History of Jewelry Part 2: Byzantine and Early Christian Period

As Christianity emerged and spread, the customs of many of its converts were incorporated into its burial habits: Romans cremated their dead, Jews buried their dead, and after the death, burial, and resurrection of Jesus, corpse burial became de rigueur among practitioners of the Christian faith. A common thread among Christian burials was a rejection of customs considered idolatrous: people were no longer buried with all their jewelry, and thus, beginning with the 8th century AD, almost the only important gold creations that have been preserved from this period were those in religious or royal holdings.
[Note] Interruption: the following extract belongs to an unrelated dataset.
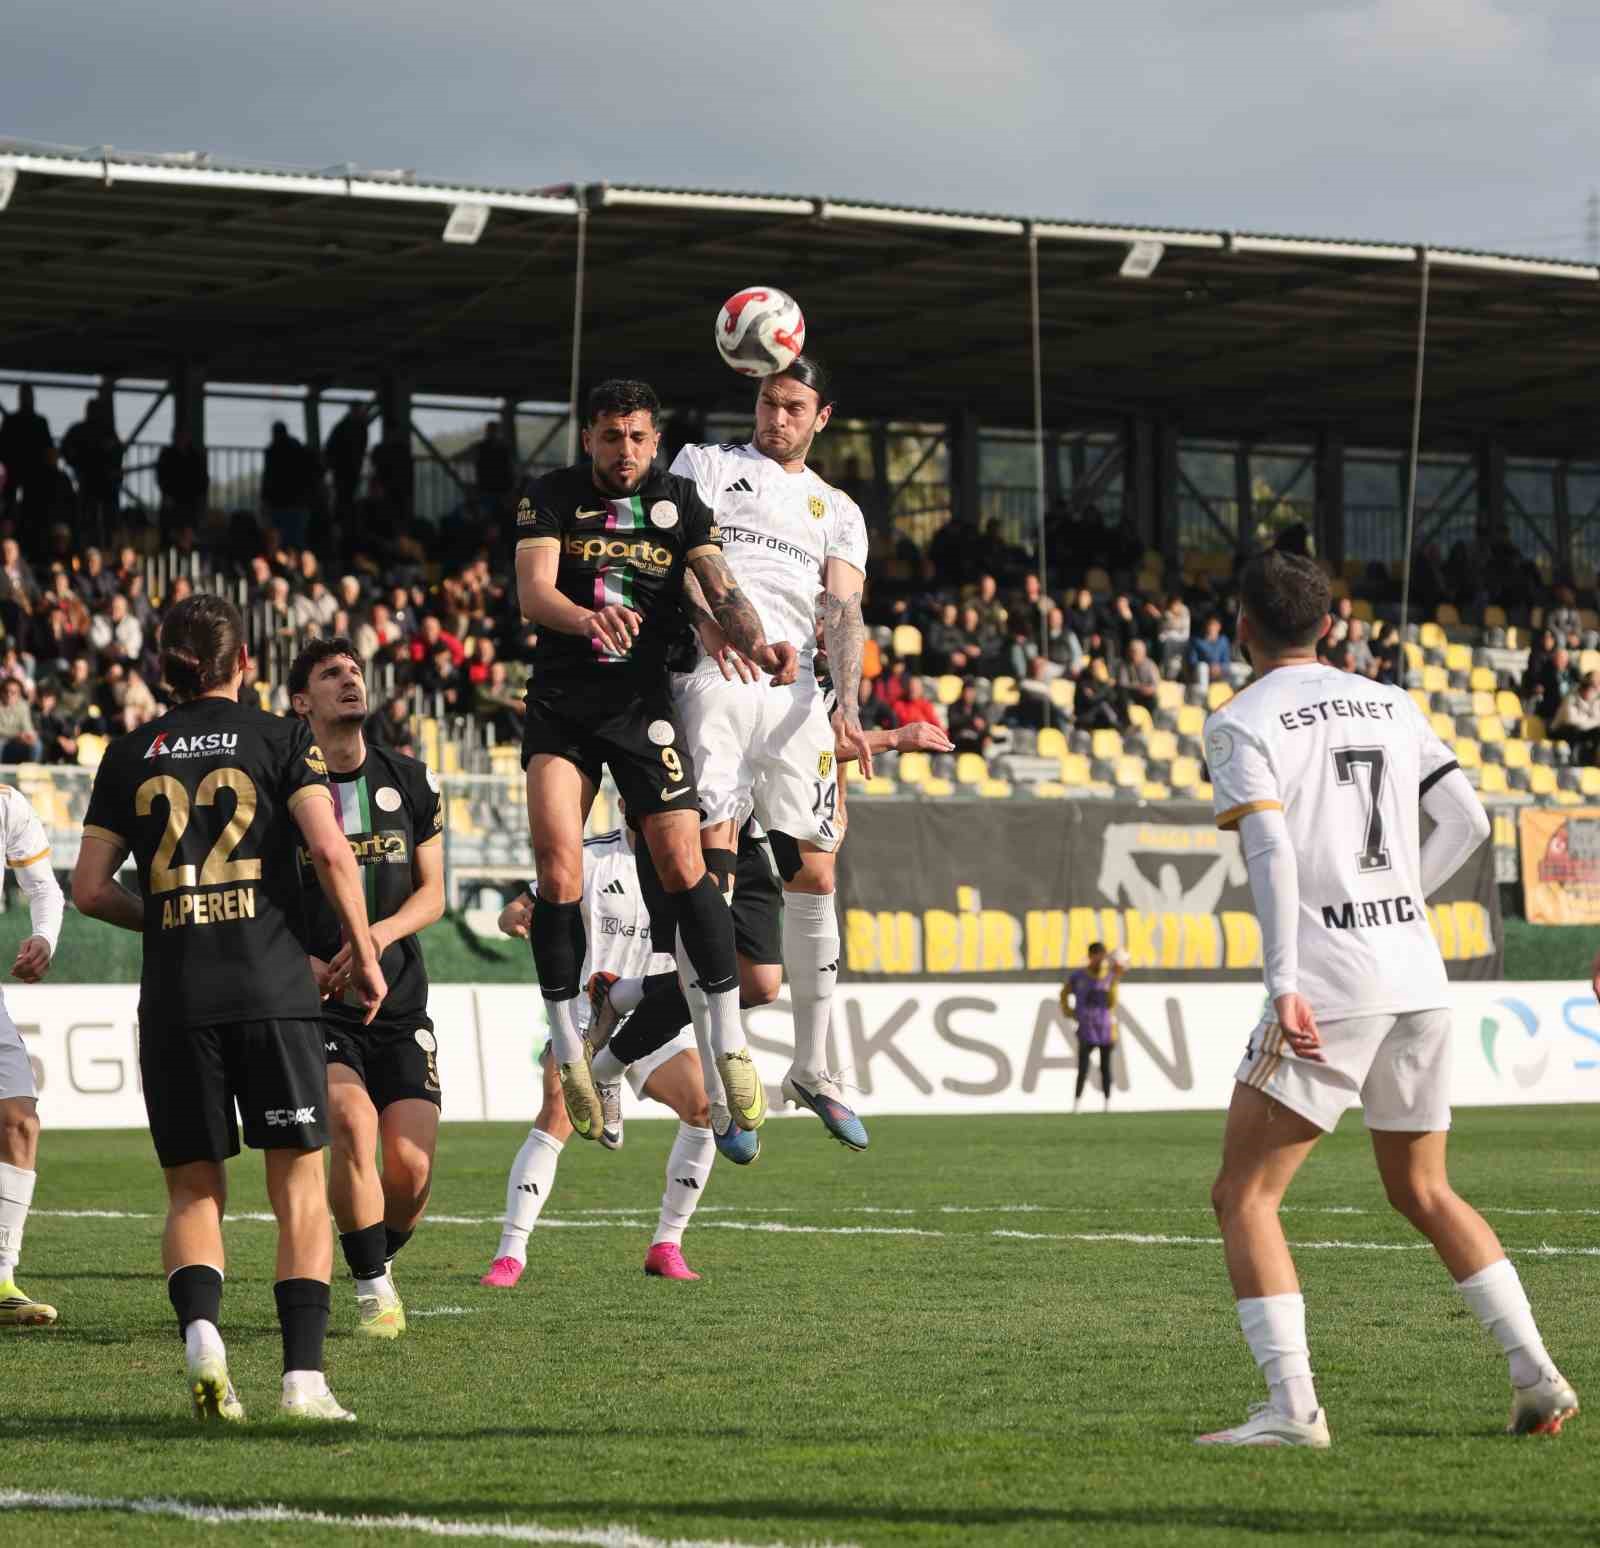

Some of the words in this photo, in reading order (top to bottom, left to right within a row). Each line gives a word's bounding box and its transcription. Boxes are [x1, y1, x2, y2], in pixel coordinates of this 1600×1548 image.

We also still find out about jewels and fashion from mosaics and painted fragments of murals.

In 330 AD, the emperor Constantine established Constantinople in Byzantium as the capital of the Roman Empire: a city that contained churches within its city walls for the first time and had no pagan temples. During this era, the craftsmanship of ancient Greece and Rome, the symbolism of Christianity, and stylistic trends from the East came together in an amazing synthesis of decorative spirit. Jewelry was ornate. Quantities of pearls and precious stones passed through Constantinople – the highway of commerce between the East and Europe – and the workmen of the waning Empire were susceptible to the possibilities of magnificence. In the mosaics at Ravenna in Italy, one can see the gold robes of the Empress Theodora set with precious stones, the emeralds encircling her neck and shoulders, covering her neck, and festooning her breast. The Emperor Justinian beside her wears a diadem on his head and a massive mantle hung with lavish pendants.

The last Western Roman Emperor was deposed by the Germanic king Odoacer in 476 AD, although Constantinople itself survived until the Fourth Crusade in 1204. The Church, after the period of the decline of the Western Roman Empire, began a long period of missionary activity and expansion. As the boundaries of the Western Empire collapsed to Germanic tribes, Christianity spread into lands that had never even been Romanized. Some lands experienced a cultural shift not in terms of religion but definitely in terms of ethnic rule. All such passages of peoples forced shifts in culture and thereby shifts in jewelry trends.

Britain, for example, was not a Christian country until around AD 600. Before Britain became a subject of Rome, their jewelry was comprised of bronze pins, brooches, torqued necklaces and bracelets. Throughout the period of Roman occupation – from about 43 AD to about 410 AD – British ornamentation reflected Italian designs, though with some variation. In Britain at this time, hairpins were very popular, and were made of bone, bronze, colored glass or jet. Enameling was a popular art under the Romans and it seems to have been the intention of its artisans to imitate colored stones. Britain then passed through what is commonly known as the Dark Ages, a period of which there is little archaeological evidence. During the Anglo-Saxon period after the fall of the Roman Empire, Celtic Christianity from the northwest and the Roman Catholic Church from the southeast spread into England, and the first Anglo-Saxon king was baptized in 601. The Teutonic invasion of England absolutely influenced English jewelry; it lost its Roman character and became impressed by German styles. Goldwork became more delicate and colors were blended in extremely harmonious ways. Individual workmanship was highly valued and pieces found from this period are rife with originality. Precious stones were sometimes used as amulets and coins of foreign origin were often used as pendants or on bracelets. One of the most distinctive trends was the setting of stones – mostly garnets – upon hatched gold foil between delicate gold cloisons. This was an intricate process of inlay and often took the shape of Christian crosses inside of circular forms. No Anglo-Saxon jewelry was enameled.